3D sub-diffraction imaging in a conventional confocal configuration by exploiting super-linear emitters

Sub-diffraction microscopy enables bio-imaging with unprecedented clarity. However, most super-resolution methods require complex, costly purpose-built systems, involve image post-processing and struggle with sub-diffraction imaging in 3D. Here, we realize a conceptually different super-resolution approach which circumvents these limitations and enables 3D sub-diffraction imaging on conventional confocal microscopes. We refer to it as super-linear excitation-emission (SEE) microscopy, as it relies on markers with super-linear dependence of the emission on the excitation power. Super-linear markers proposed here are upconversion nanoparticles of NaYF4, doped with 20% Yb and unconventionally high 8% Tm, which are conveniently excited in the near-infrared biological window. We develop a computational framework calculating the 3D resolution for any viable scanning beam shape and excitation-emission probe profile.
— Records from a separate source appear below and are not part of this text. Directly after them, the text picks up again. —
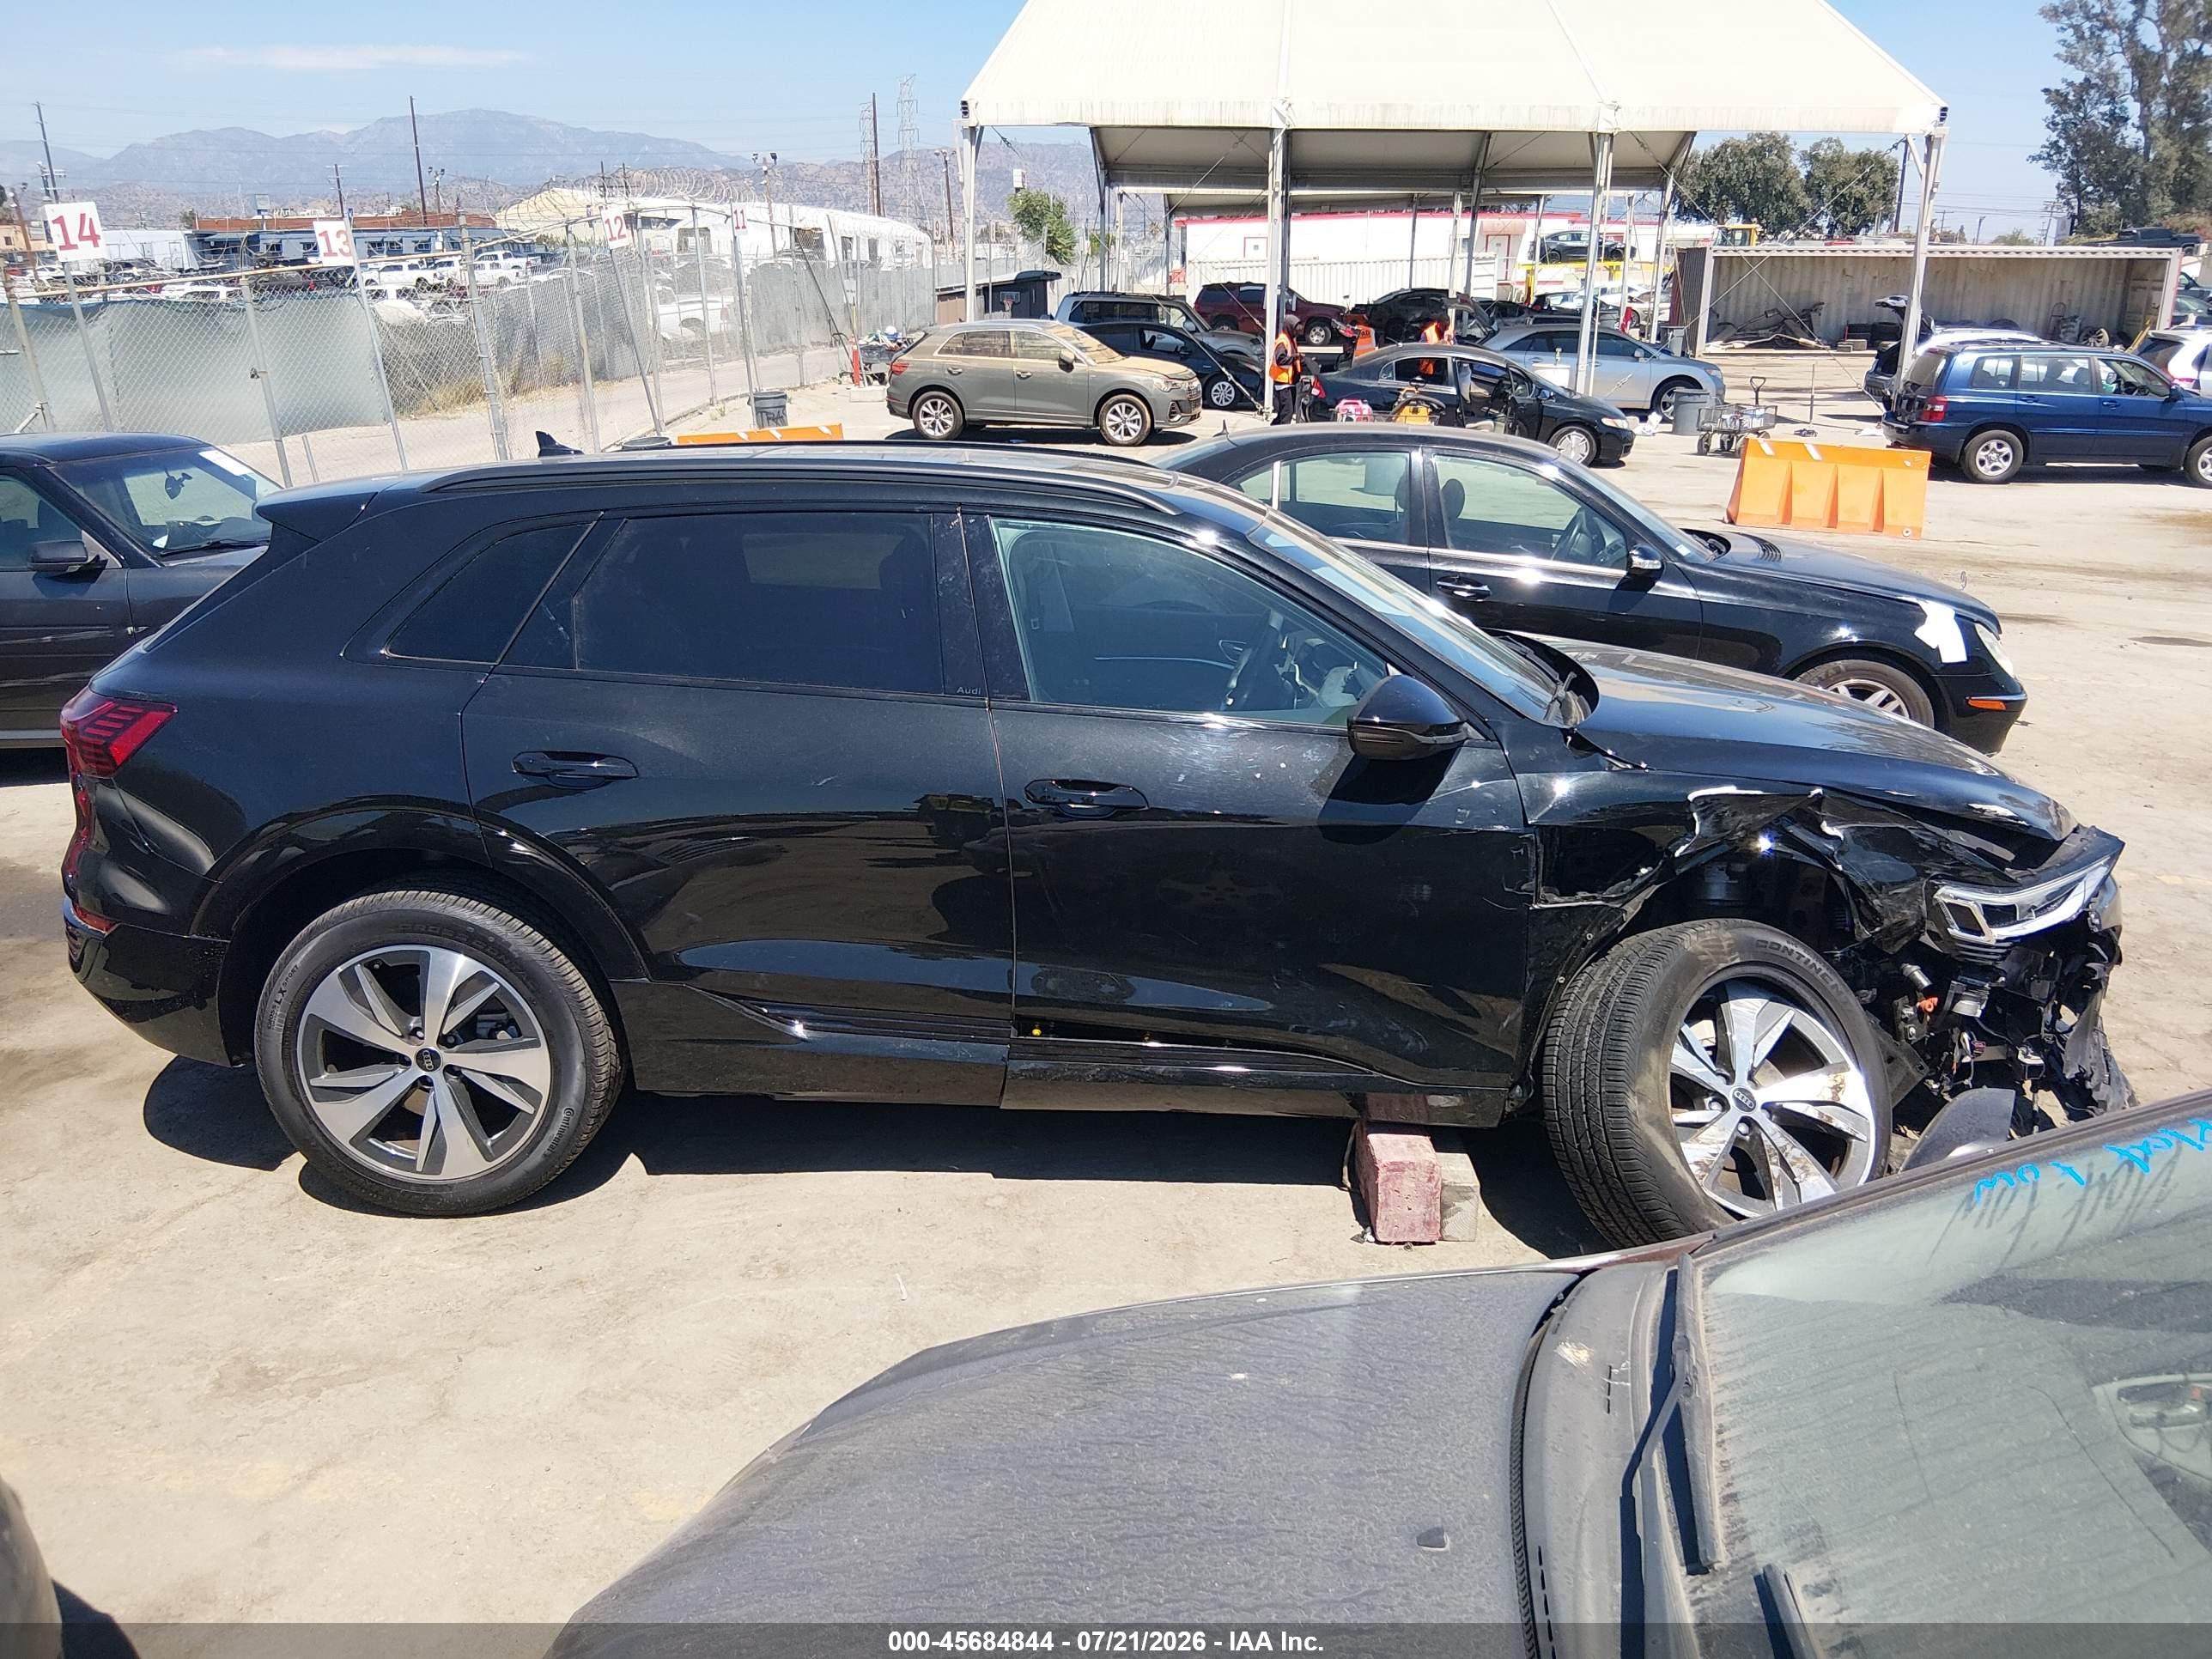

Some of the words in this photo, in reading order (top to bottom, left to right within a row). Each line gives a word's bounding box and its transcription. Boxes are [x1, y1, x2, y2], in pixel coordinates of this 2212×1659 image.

[52, 213, 101, 251] 14
[605, 216, 627, 242] 12
[733, 209, 748, 229] 11
[934, 220, 940, 237] 9
[319, 230, 352, 257] 13
[546, 1107, 574, 1152] Continental
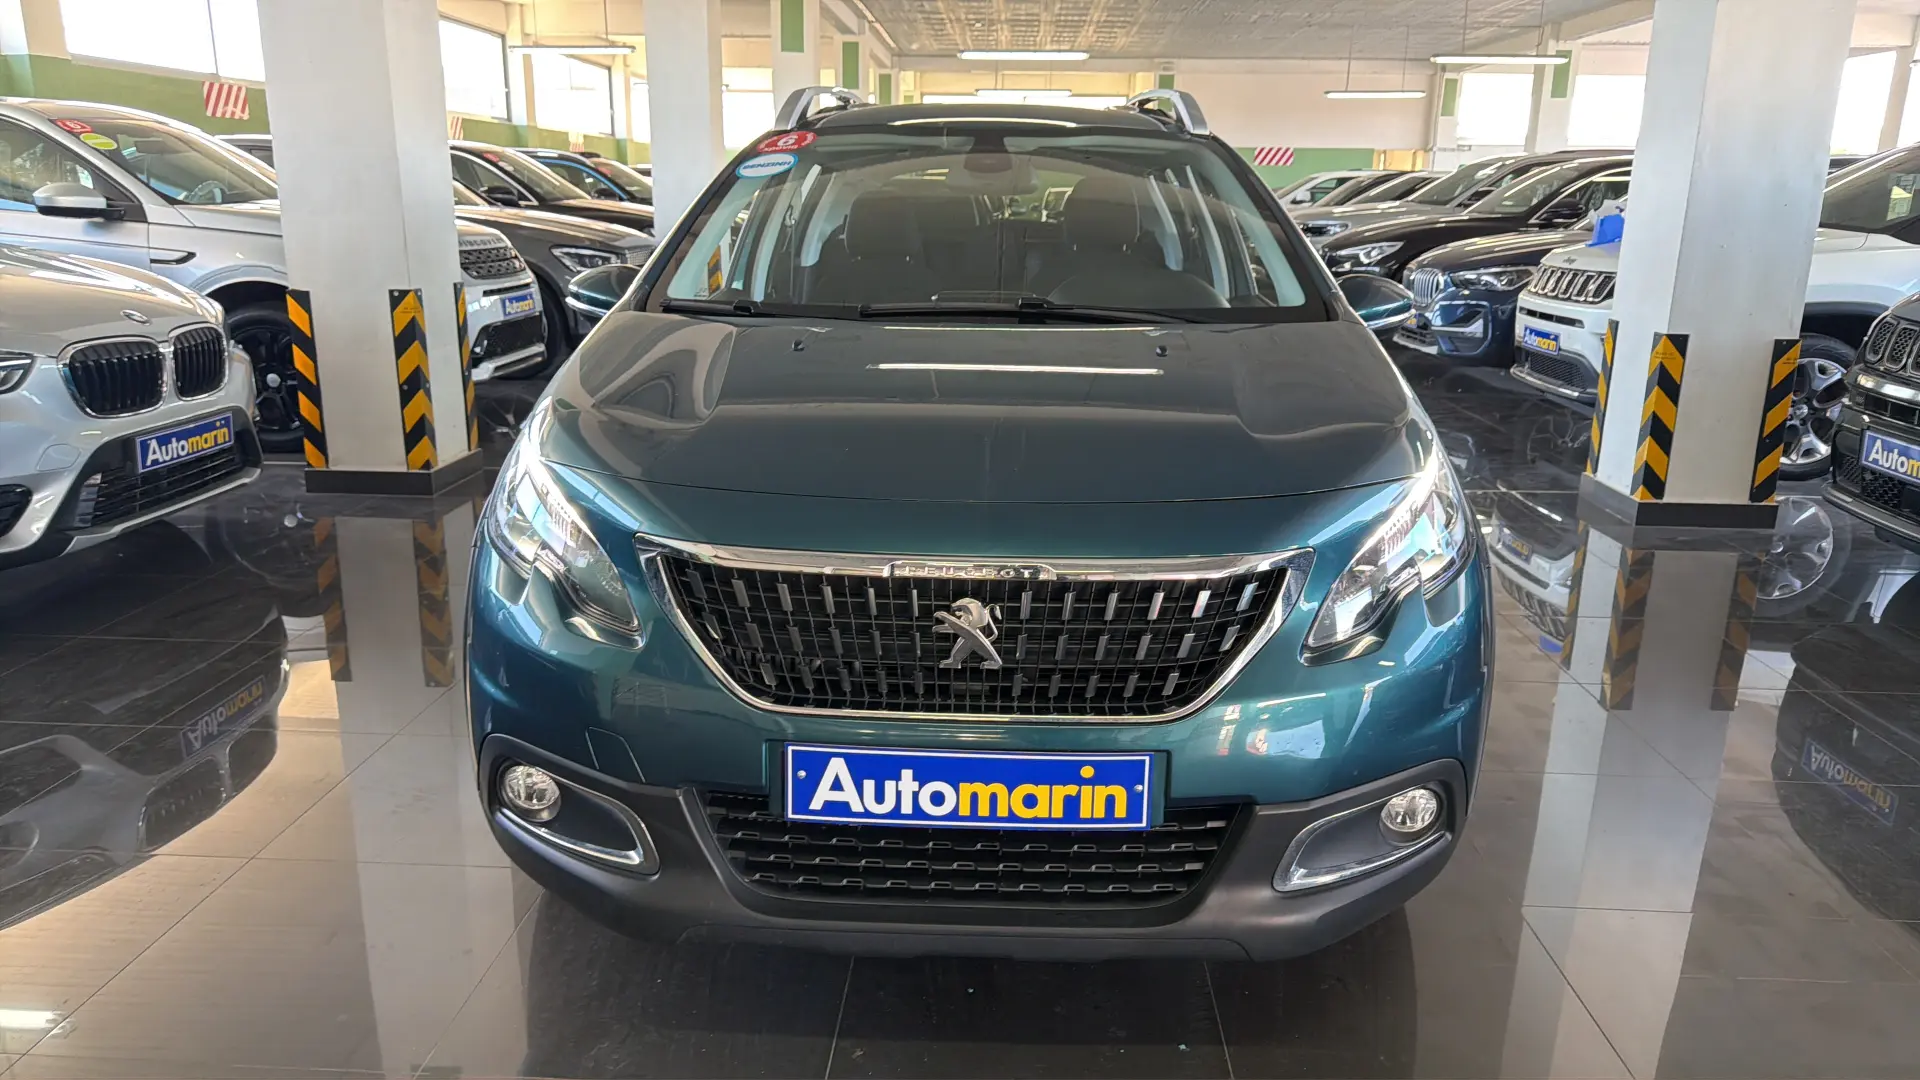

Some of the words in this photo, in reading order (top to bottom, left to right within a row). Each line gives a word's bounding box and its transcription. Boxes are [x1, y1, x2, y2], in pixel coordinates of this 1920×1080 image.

[776, 135, 799, 147] 6
[146, 421, 229, 467] Automarin
[902, 565, 1033, 579] PEUGEOT
[808, 757, 1128, 819] Automarin
Imaging of colominic acid-coated upconversion nanoparticles endocytosed by neuronal cells, at resolutions twice better than the diffraction limit both in lateral and axial directions, illustrates the applicability of SEE microscopy for sub-cellular biology. Super-resolution microscopy is a valuable tool in bioimaging, but often requires complex systems or post-processing. Here, the authors present super-linear excitation-emission (SEE) microscopy, which overcomes these limitations by taking advantage of markers with super-linear dependence between emission and excitation power.